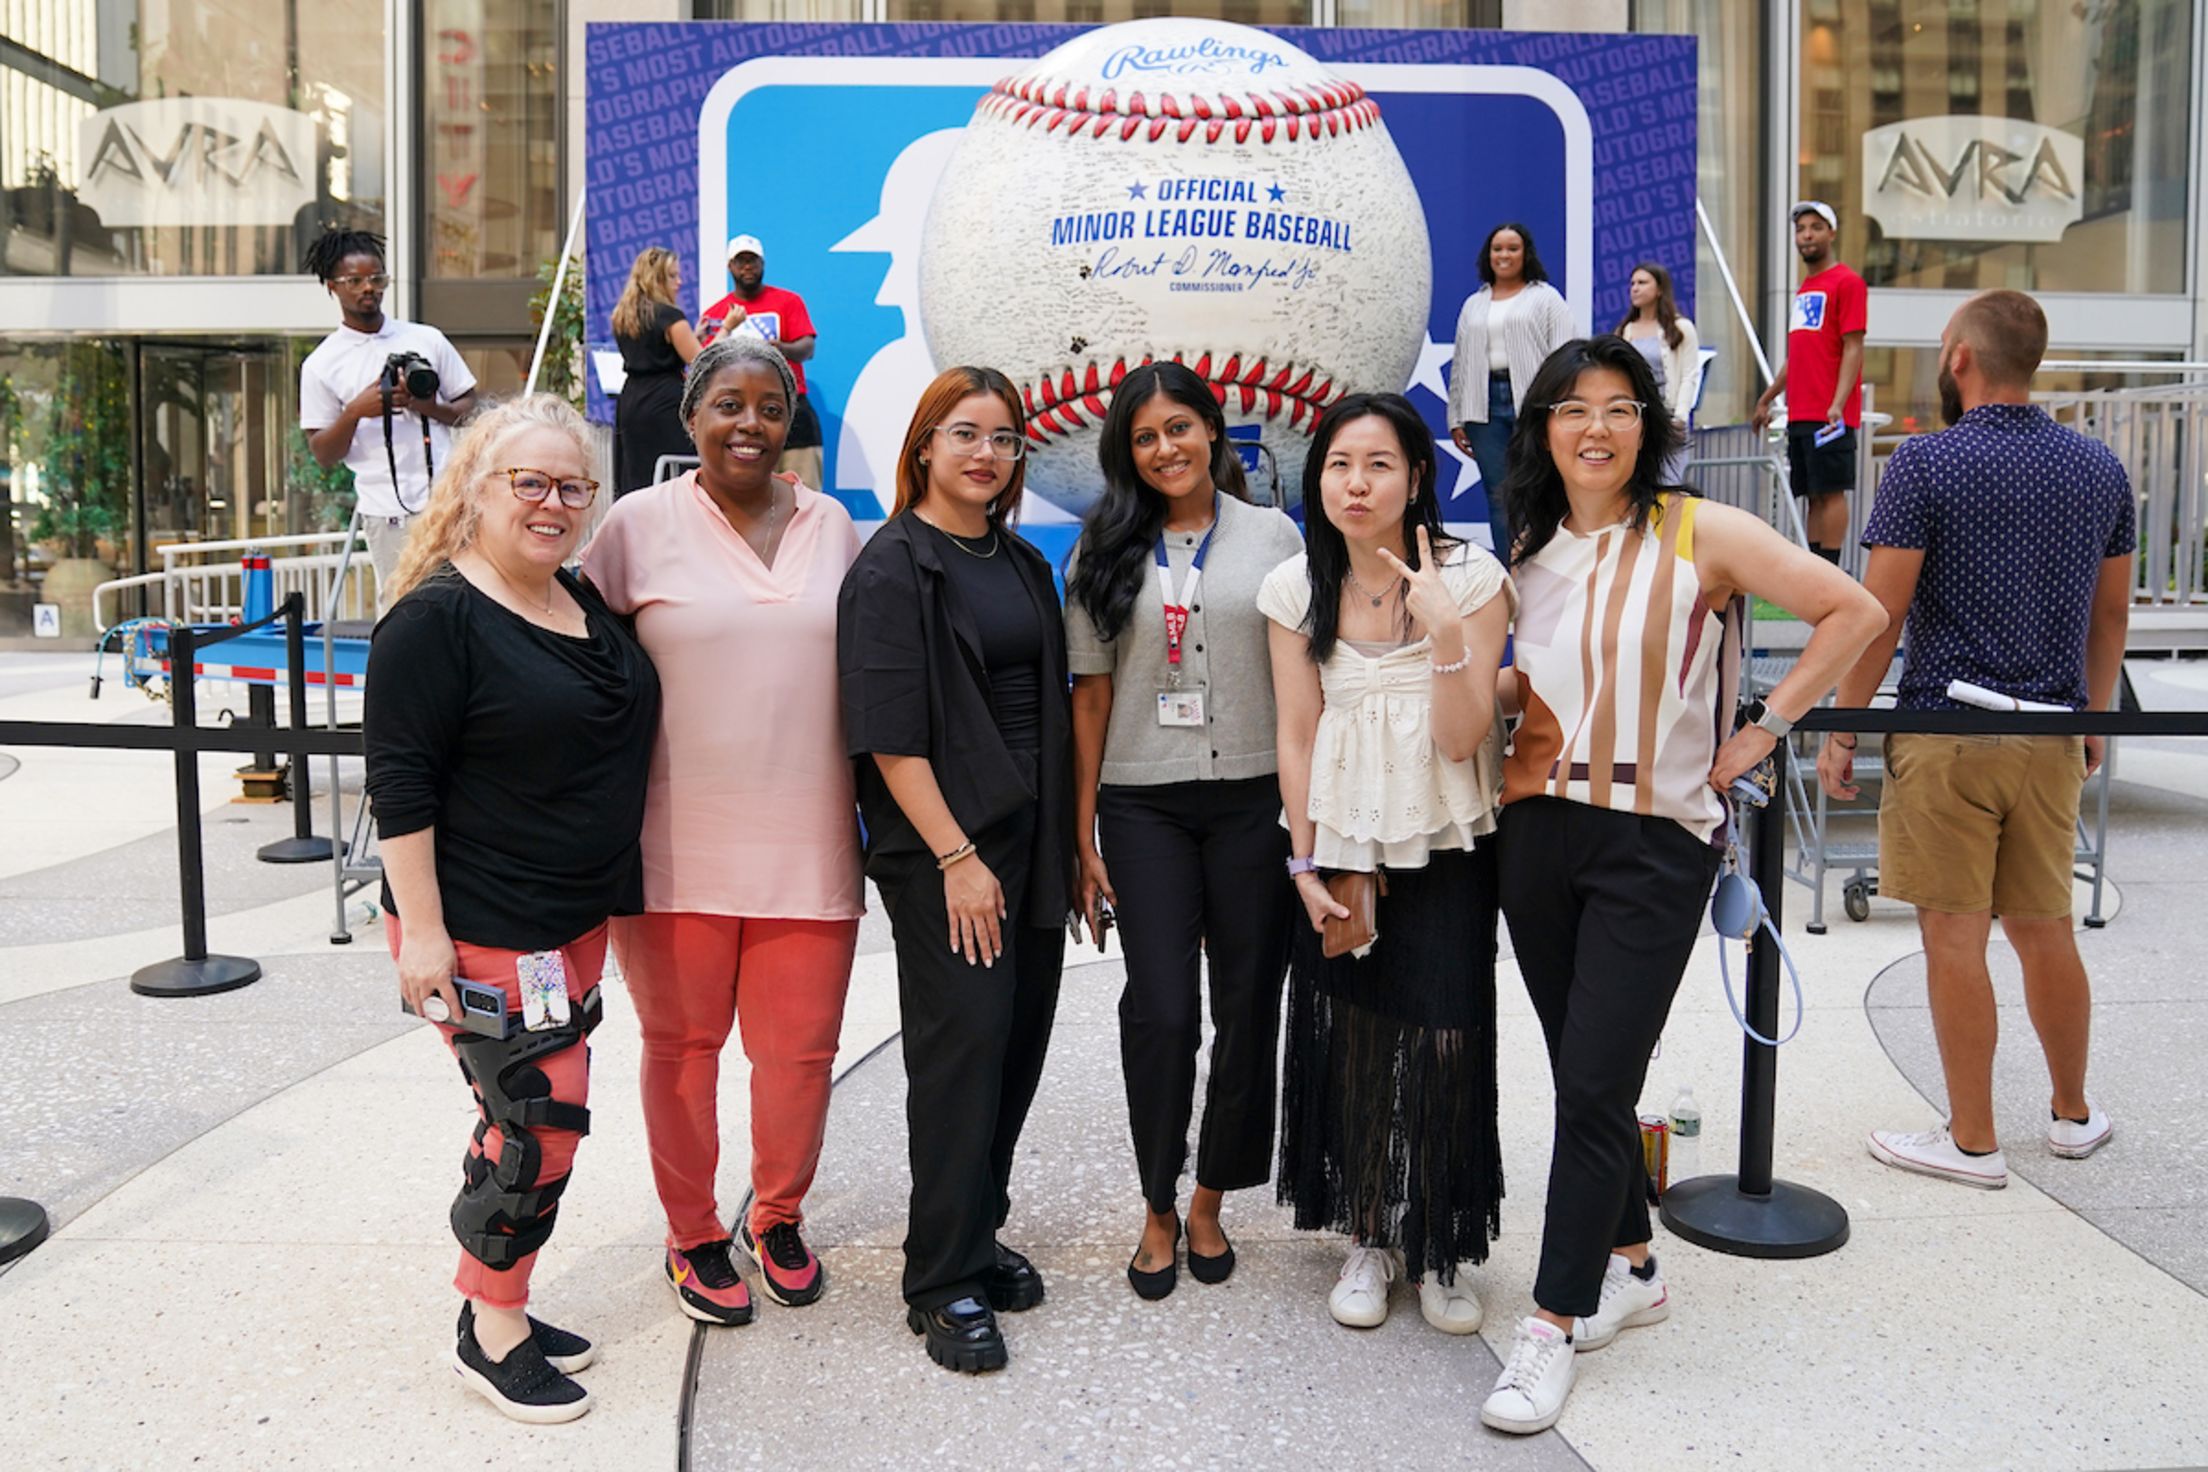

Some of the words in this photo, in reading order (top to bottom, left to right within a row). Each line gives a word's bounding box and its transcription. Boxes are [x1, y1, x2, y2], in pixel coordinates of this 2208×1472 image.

[586, 23, 697, 68] SEBALL
[623, 42, 703, 88] MOST
[1101, 37, 1289, 80] Rawlings
[87, 116, 300, 188] AVRA
[1878, 131, 2076, 204] AVRA
[1158, 179, 1258, 203] OFFICIAL
[1052, 211, 1136, 246] MINOR
[1145, 209, 1237, 238] LEAGUE
[1244, 211, 1352, 253] BASEBALL
[1169, 282, 1244, 293] COMMISSIONER
[40, 609, 55, 627] A

•••••

What you will do -
Write the listing out a second time exactly, dropping all images.

Written solution -
Some of the words in this photo, in reading order (top to bottom, left to right within a row). Each line gives a word's bounding box and its transcription. Boxes are [x1, y1, x2, y2], in pixel coordinates of this 2208×1472 image.

[586, 23, 697, 68] SEBALL
[623, 42, 703, 88] MOST
[1101, 37, 1289, 80] Rawlings
[87, 116, 300, 188] AVRA
[1878, 131, 2076, 204] AVRA
[1158, 179, 1258, 203] OFFICIAL
[1052, 211, 1136, 246] MINOR
[1145, 209, 1237, 238] LEAGUE
[1244, 211, 1352, 253] BASEBALL
[1169, 282, 1244, 293] COMMISSIONER
[40, 609, 55, 627] A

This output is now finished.